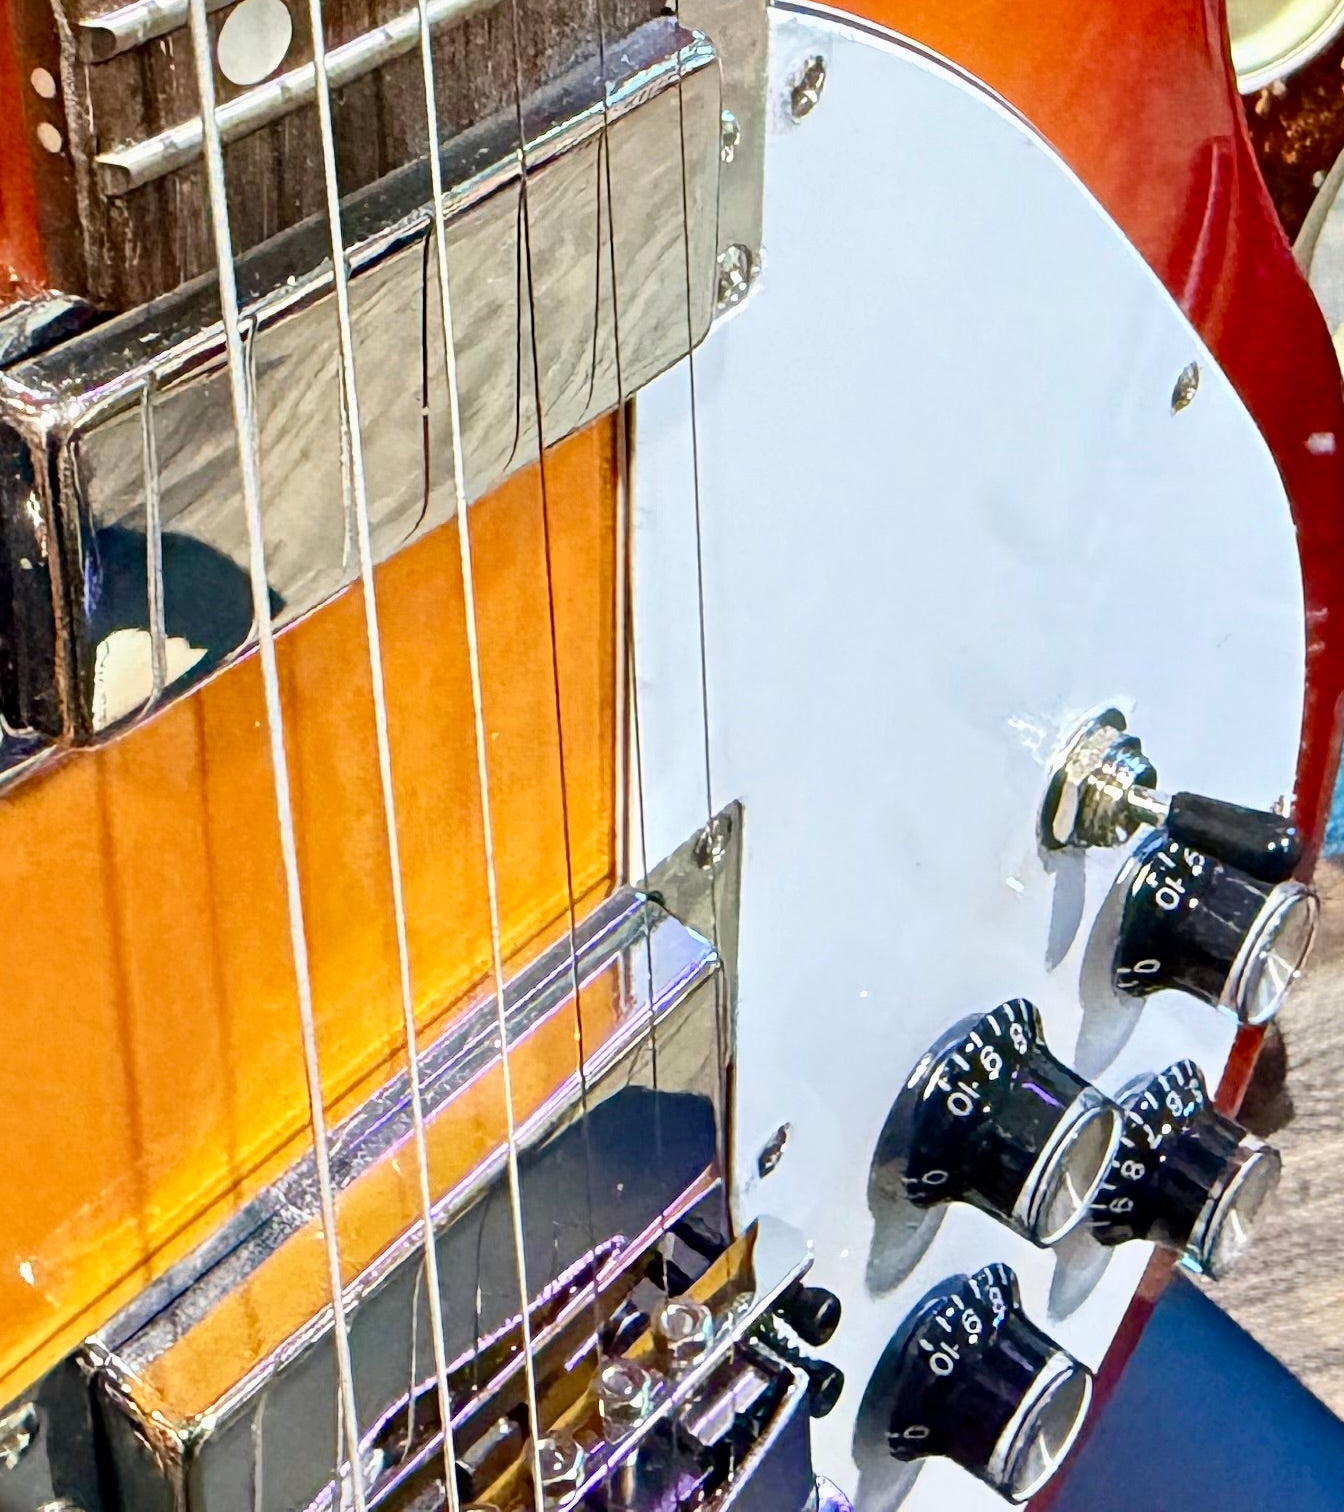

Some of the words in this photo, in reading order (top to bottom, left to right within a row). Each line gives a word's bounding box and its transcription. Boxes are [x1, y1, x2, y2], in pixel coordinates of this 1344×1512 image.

[1156, 877, 1186, 910] 10
[1133, 959, 1161, 974] 0
[947, 1080, 980, 1116] 10
[922, 1170, 948, 1185] 0
[1120, 1160, 1145, 1180] 8
[930, 1341, 960, 1376] 10
[904, 1425, 930, 1439] 0

· · ·

§ To do: Every entry above should be duplicated exactly. Do not include the images.

§ Expected answer:
Some of the words in this photo, in reading order (top to bottom, left to right within a row). Each line gives a word's bounding box and its transcription. Boxes are [x1, y1, x2, y2], in pixel coordinates of this 1344×1512 image.

[1156, 877, 1186, 910] 10
[1133, 959, 1161, 974] 0
[947, 1080, 980, 1116] 10
[922, 1170, 948, 1185] 0
[1120, 1160, 1145, 1180] 8
[930, 1341, 960, 1376] 10
[904, 1425, 930, 1439] 0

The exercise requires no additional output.